------ SUPPLIED DATA
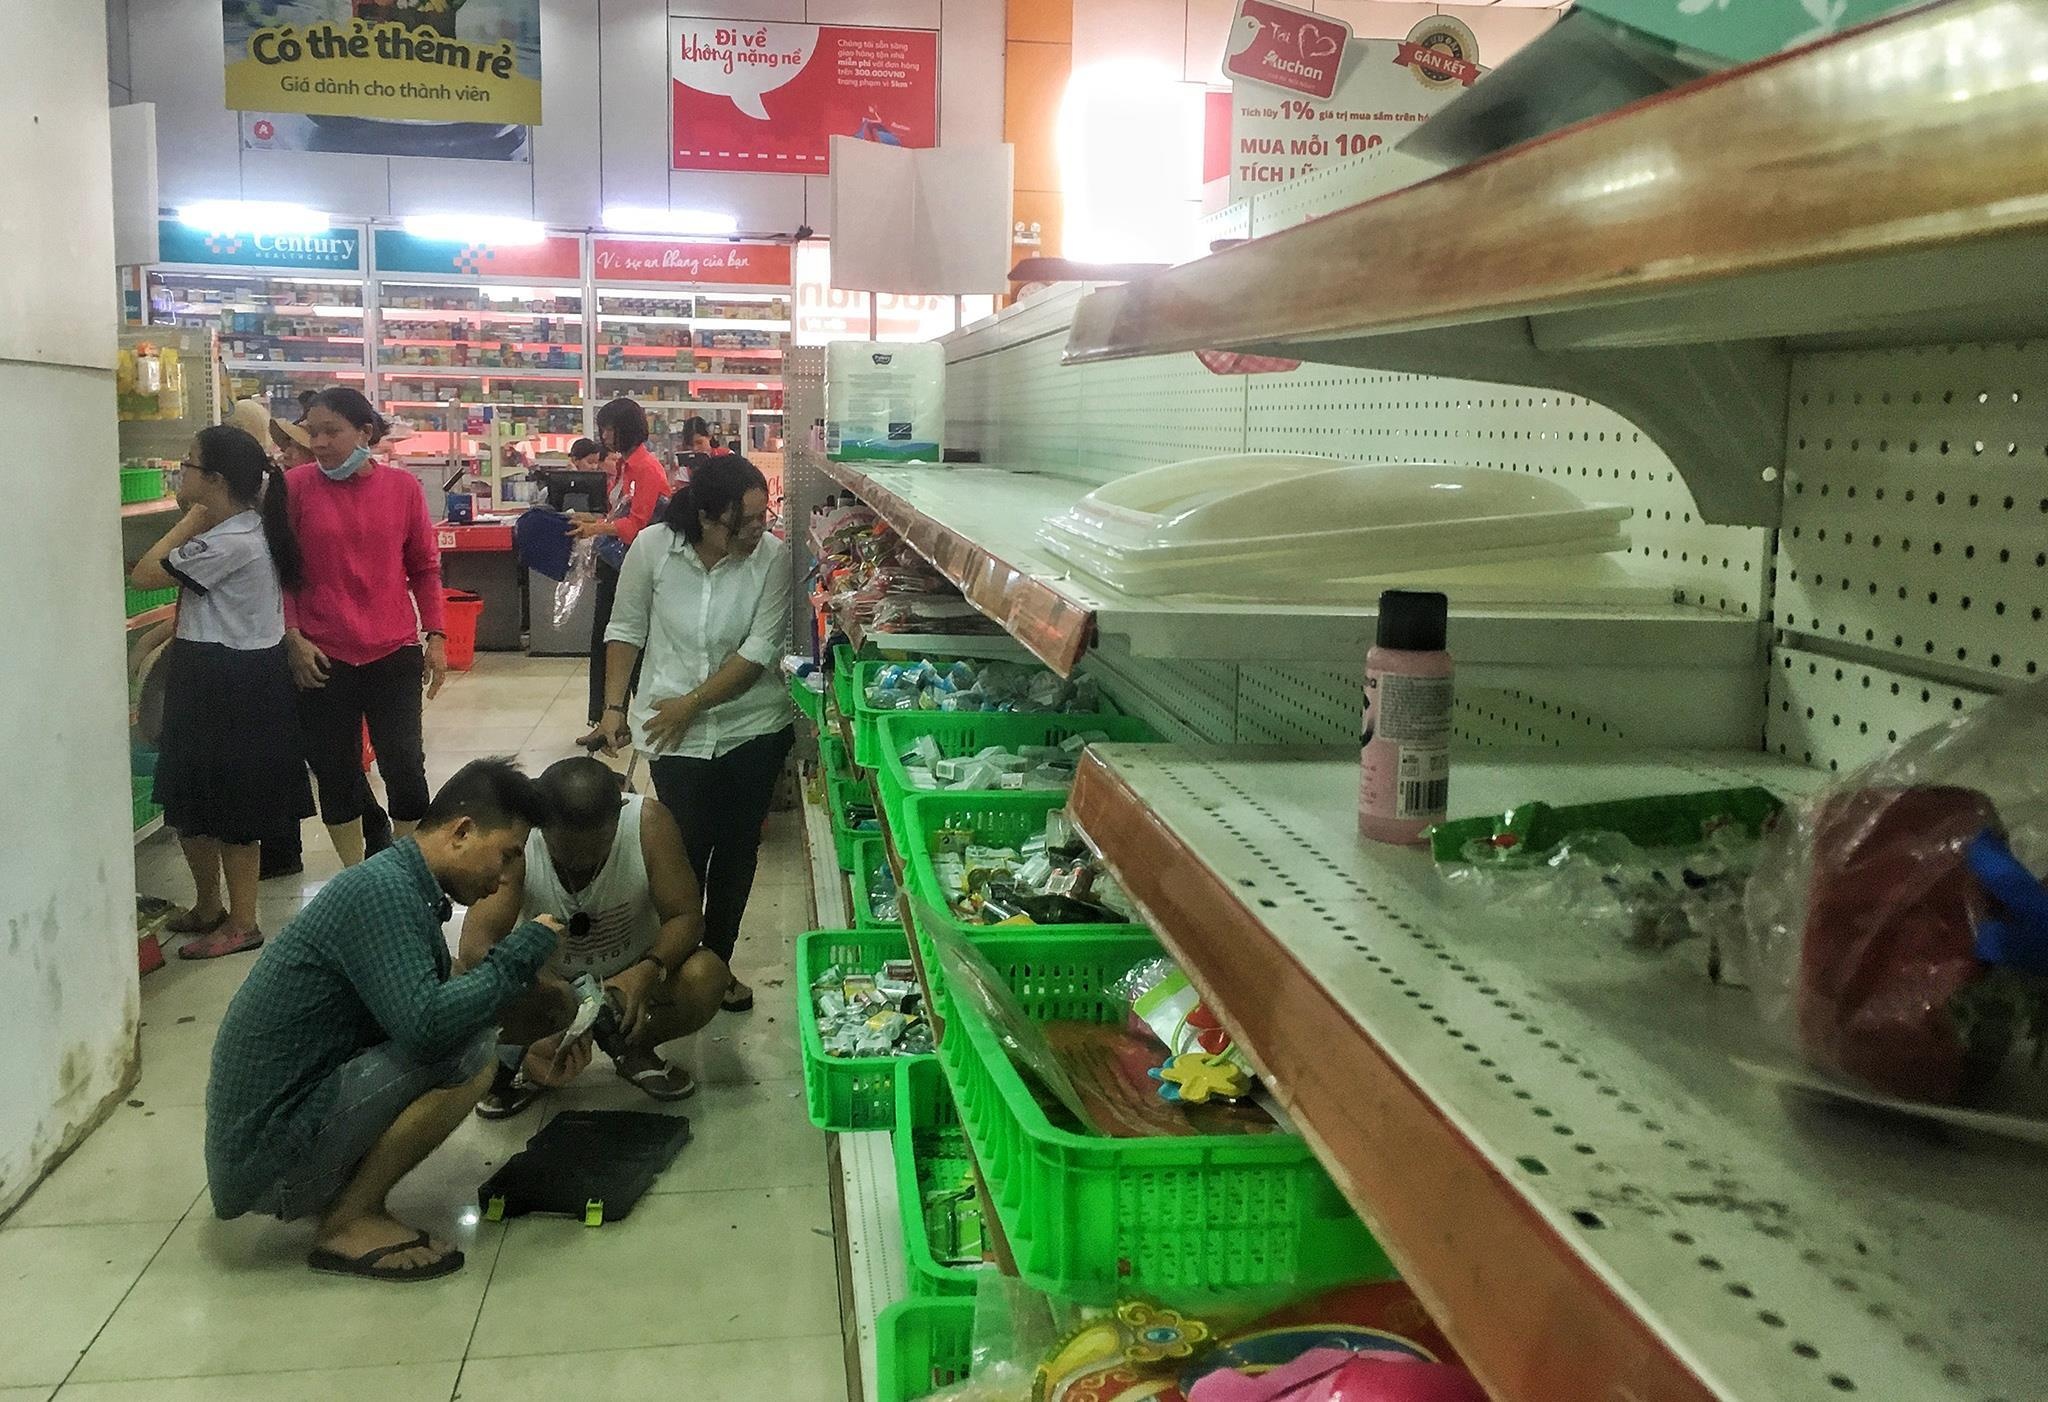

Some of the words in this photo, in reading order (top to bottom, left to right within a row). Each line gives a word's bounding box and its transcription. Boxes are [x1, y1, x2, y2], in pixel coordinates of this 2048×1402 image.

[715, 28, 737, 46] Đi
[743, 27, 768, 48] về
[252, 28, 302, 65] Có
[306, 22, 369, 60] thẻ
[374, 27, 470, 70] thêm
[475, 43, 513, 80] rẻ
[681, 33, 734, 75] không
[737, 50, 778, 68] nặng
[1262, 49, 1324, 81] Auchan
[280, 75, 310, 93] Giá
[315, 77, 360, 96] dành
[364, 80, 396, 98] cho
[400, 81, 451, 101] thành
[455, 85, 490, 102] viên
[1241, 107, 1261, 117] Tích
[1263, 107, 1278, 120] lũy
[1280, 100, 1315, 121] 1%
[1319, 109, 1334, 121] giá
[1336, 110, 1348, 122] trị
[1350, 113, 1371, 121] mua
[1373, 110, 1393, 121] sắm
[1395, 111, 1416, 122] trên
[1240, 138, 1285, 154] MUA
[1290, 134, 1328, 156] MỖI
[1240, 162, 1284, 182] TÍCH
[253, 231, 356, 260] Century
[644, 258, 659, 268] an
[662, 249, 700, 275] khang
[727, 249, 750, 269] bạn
------------
> [BRIEF]: Now write out the data word for word, skipping every picture in it.

> [EXERCISE ANSWER]:
Some of the words in this photo, in reading order (top to bottom, left to right within a row). Each line gives a word's bounding box and its transcription. Boxes are [x1, y1, x2, y2], in pixel coordinates of this 2048×1402 image.

[715, 28, 737, 46] Đi
[743, 27, 768, 48] về
[252, 28, 302, 65] Có
[306, 22, 369, 60] thẻ
[374, 27, 470, 70] thêm
[475, 43, 513, 80] rẻ
[681, 33, 734, 75] không
[737, 50, 778, 68] nặng
[1262, 49, 1324, 81] Auchan
[280, 75, 310, 93] Giá
[315, 77, 360, 96] dành
[364, 80, 396, 98] cho
[400, 81, 451, 101] thành
[455, 85, 490, 102] viên
[1241, 107, 1261, 117] Tích
[1263, 107, 1278, 120] lũy
[1280, 100, 1315, 121] 1%
[1319, 109, 1334, 121] giá
[1336, 110, 1348, 122] trị
[1350, 113, 1371, 121] mua
[1373, 110, 1393, 121] sắm
[1395, 111, 1416, 122] trên
[1240, 138, 1285, 154] MUA
[1290, 134, 1328, 156] MỖI
[1240, 162, 1284, 182] TÍCH
[253, 231, 356, 260] Century
[644, 258, 659, 268] an
[662, 249, 700, 275] khang
[727, 249, 750, 269] bạn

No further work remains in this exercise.